A new protein isoform encoded by human circular RNA circSLC8a1 contributes to cardiac remodeling

Circular RNA circSLC8a1 has been previously suggested to possess translation potential, but experimental evidence supporting this notion has been lacking. We aim to understand the functions of circSLC8a1 and its translated protein in cardiac remodeling.

To elucidate the functional significance of circSLC8a1, we established a transgenic mouse line expressing circSLC8a1 and its translated protein SLC8a1-604. We present compelling evidence confirming the translation potential of circSLC8a1 (hsa_circ_0005232) both in vitro and in vivo. The back-splicing event within hsa_circ_0005232 leads to the generation of a novel circRNA-derived protein comprising 604 amino acids, named SLC8a1-604, which has not been previously reported. These SLC8a1-604 transgenic mice exhibited a heart failure phenotype. In further investigations, we induced pressure overload in the transgenic mice, revealing a significant decrease in heart function compared to litter-matched negative controls. Notably, our findings indicate that the reduced heart function observed in the transgenic mice can be attributed to the presence of the circRNA-translated protein, SLC8a1-604, rather than the circRNA itself. Mechanistically, we found that SLC8a1-604 translocated into mitochondria, where it exerted its effects by binding to POLRMT. This interaction results in a downregulation of mitochondrial gene transcription, leading to a decrease in ATP synthesis.

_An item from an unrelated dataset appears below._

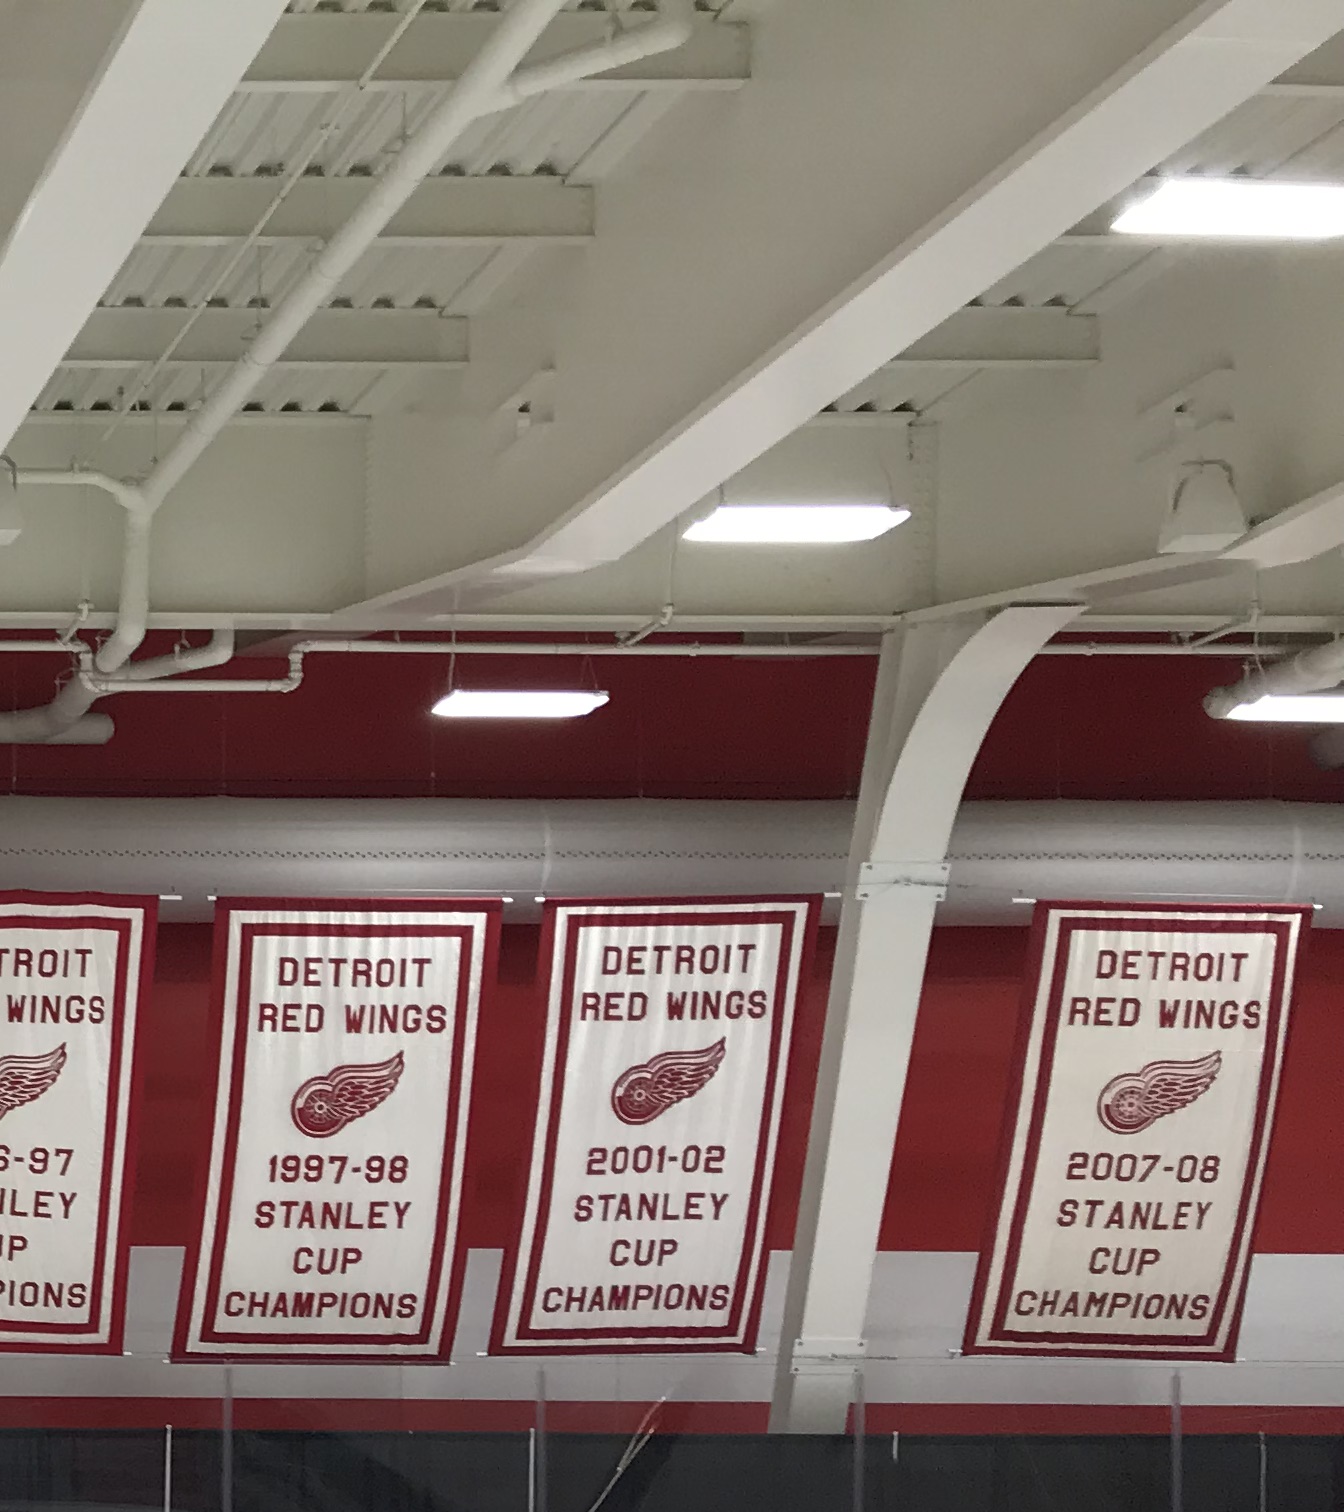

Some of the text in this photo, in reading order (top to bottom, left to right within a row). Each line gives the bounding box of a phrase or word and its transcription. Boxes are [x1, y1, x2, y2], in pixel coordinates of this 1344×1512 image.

Our study provides evidence that circSLC8a1 has the capacity to encode a novel protein isoform, SLC8a1-604, which plays a pivotal role in the regulation of heart functions: circSLC8a1 modulates the remodeling process of cardiac pressure overload by translating into a functional protein.

This proof-of-concept study may lay the foundation for potential clinical applications in circular RNA therapy.